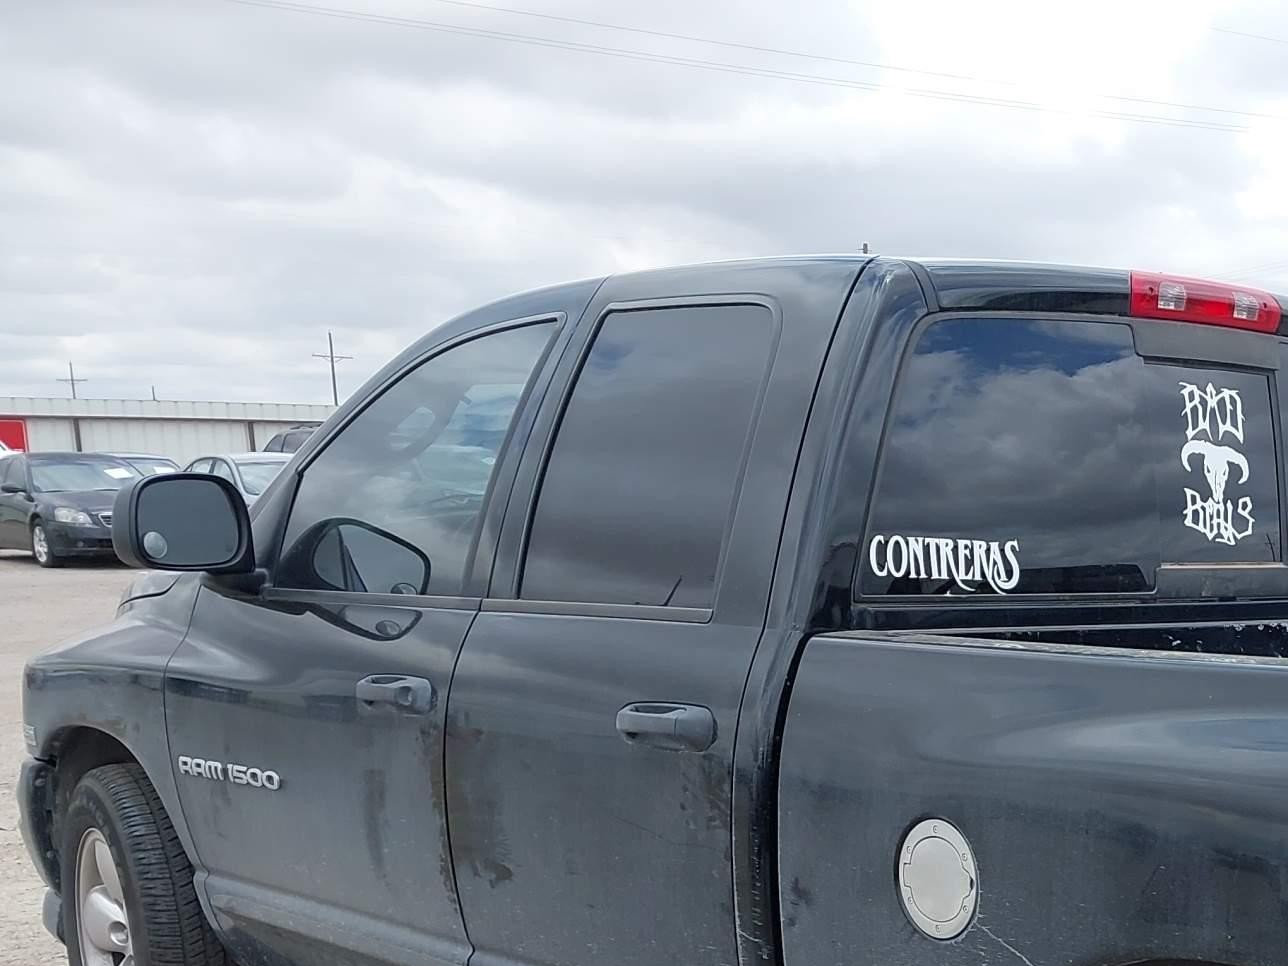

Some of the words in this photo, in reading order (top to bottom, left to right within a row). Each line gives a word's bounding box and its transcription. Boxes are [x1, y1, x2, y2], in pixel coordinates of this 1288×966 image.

[1178, 381, 1246, 444] BAD
[869, 534, 1021, 595] CONTRERAS
[178, 755, 225, 781] RAM
[226, 763, 281, 791] 1500

________________

**The problem**
Return the listing above unchanged, apart from dropping its pictures.

**Answer section**
Some of the words in this photo, in reading order (top to bottom, left to right within a row). Each line gives a word's bounding box and its transcription. Boxes are [x1, y1, x2, y2], in pixel coordinates of this 1288×966 image.

[1178, 381, 1246, 444] BAD
[869, 534, 1021, 595] CONTRERAS
[178, 755, 225, 781] RAM
[226, 763, 281, 791] 1500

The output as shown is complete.